Parent Child Classes Sample Rhythm

9:00 am

Welcome to our day / creative play time / making bread


Preparing snack

Clean up song/ tidy our room

Washing hands / sharing our snack together

Circle of songs

Puppet story

11:30 am

Good-bye song / outside to the park to play


Pre-Kindergarten Class Sample Rhythm

8:30 am

Welcome / Wash hands for warming beeswax


Circle of songs and movement

Creative play time / table activity and snack preparation

Clean up song / tidy our room

Rest time

Washing hands/ sharing our snack

Story time

Outside play time

Lunchtime

12:30 pm

Good-bye song


Mixed-Age, 5-day Kindergartens sample Daily Rhythm

8:30 am

Greet and welcome children

Circle time (seasonal songs, verses, movement)

Free play and artistic activity such as painting, drawing, sewing, craft projects, beeswax. Snack preparation such as bread baking and soup making also take place during this time.
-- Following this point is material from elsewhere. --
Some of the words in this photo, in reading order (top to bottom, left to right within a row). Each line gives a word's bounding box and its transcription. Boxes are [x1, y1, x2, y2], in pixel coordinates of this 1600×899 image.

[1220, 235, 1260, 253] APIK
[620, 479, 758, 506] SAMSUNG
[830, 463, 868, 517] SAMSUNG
Clean-up, bathroom, hand washing

Snack and clean-up

Story time

Outside play

Hand washing and lunch

Good-bye

12:30 pm

Aftercare begins


Our mornings are very busy and in order to support the rhythm created it is important that when the classroom doors open in the morning, your child has had the opportunity to use the bathroom, change into his or her slippers, put away their lunches, have a little snuggle time and then one last hug or kiss goodbye before entering the classroom on time. Please take the time to help your child with these important preparations before class starts.
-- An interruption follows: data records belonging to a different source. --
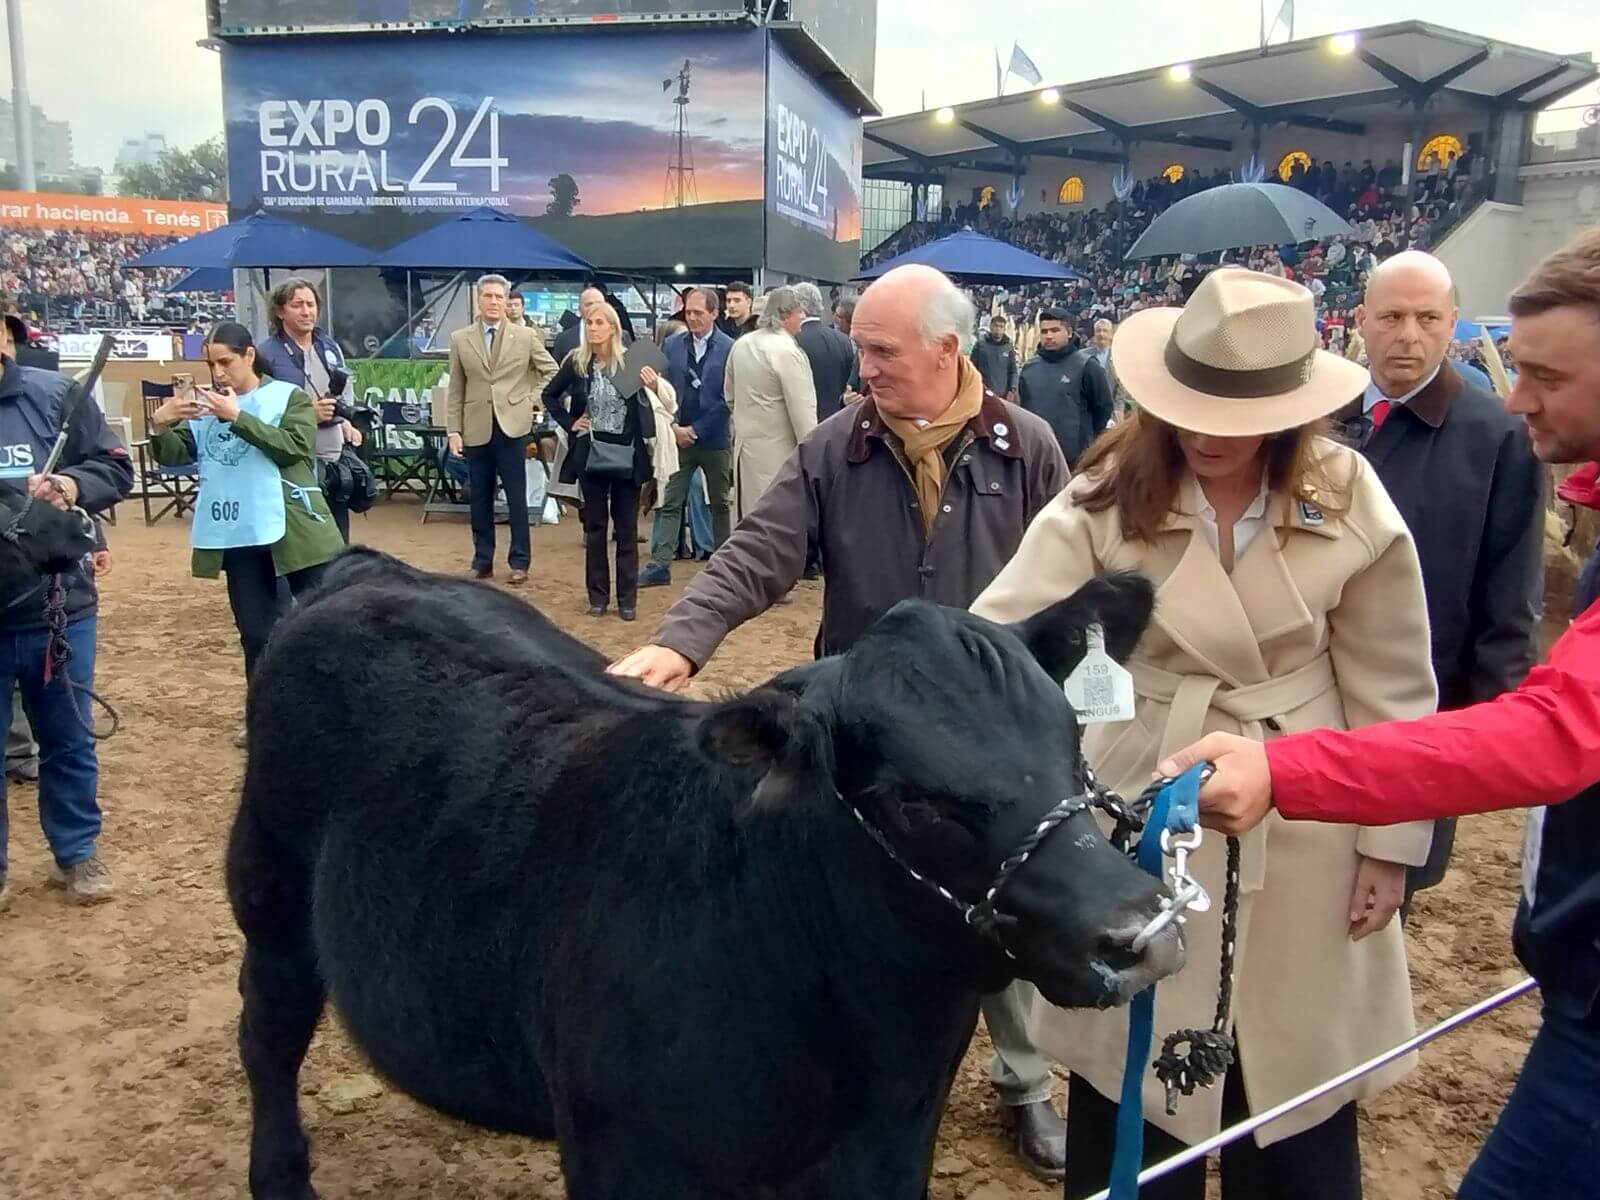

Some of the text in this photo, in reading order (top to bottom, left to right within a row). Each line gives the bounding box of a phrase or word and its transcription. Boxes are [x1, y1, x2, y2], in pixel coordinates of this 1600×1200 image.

[259, 99, 391, 146] EXPO
[408, 96, 509, 192] 24
[778, 103, 807, 165] EXPO
[261, 150, 405, 192] RURAL
[776, 155, 810, 210] RURAL
[809, 127, 828, 217] 24
[142, 208, 200, 227] Tenés
[211, 501, 239, 521] 608
First Weeks of School in Pre-Kindergarten

In the Pre-Kindergarten, we recognize and honor the challenges that can come from the young child’s separation from his or her parents. This separation anxiety is very normal and it is much easier on the child, if the parent truly sets the child free to explore and enjoy their new circle of friends. During the first week or two of our school year, it is not uncommon to have a few children experience difficulties in saying goodbye to their parents. Please try to envision your child feeling comfortable and being able to separate from you quite easily. However, in the event that this does not happen, be prepared to stay a little longer in the morning to assist with their integration into the classroom activity.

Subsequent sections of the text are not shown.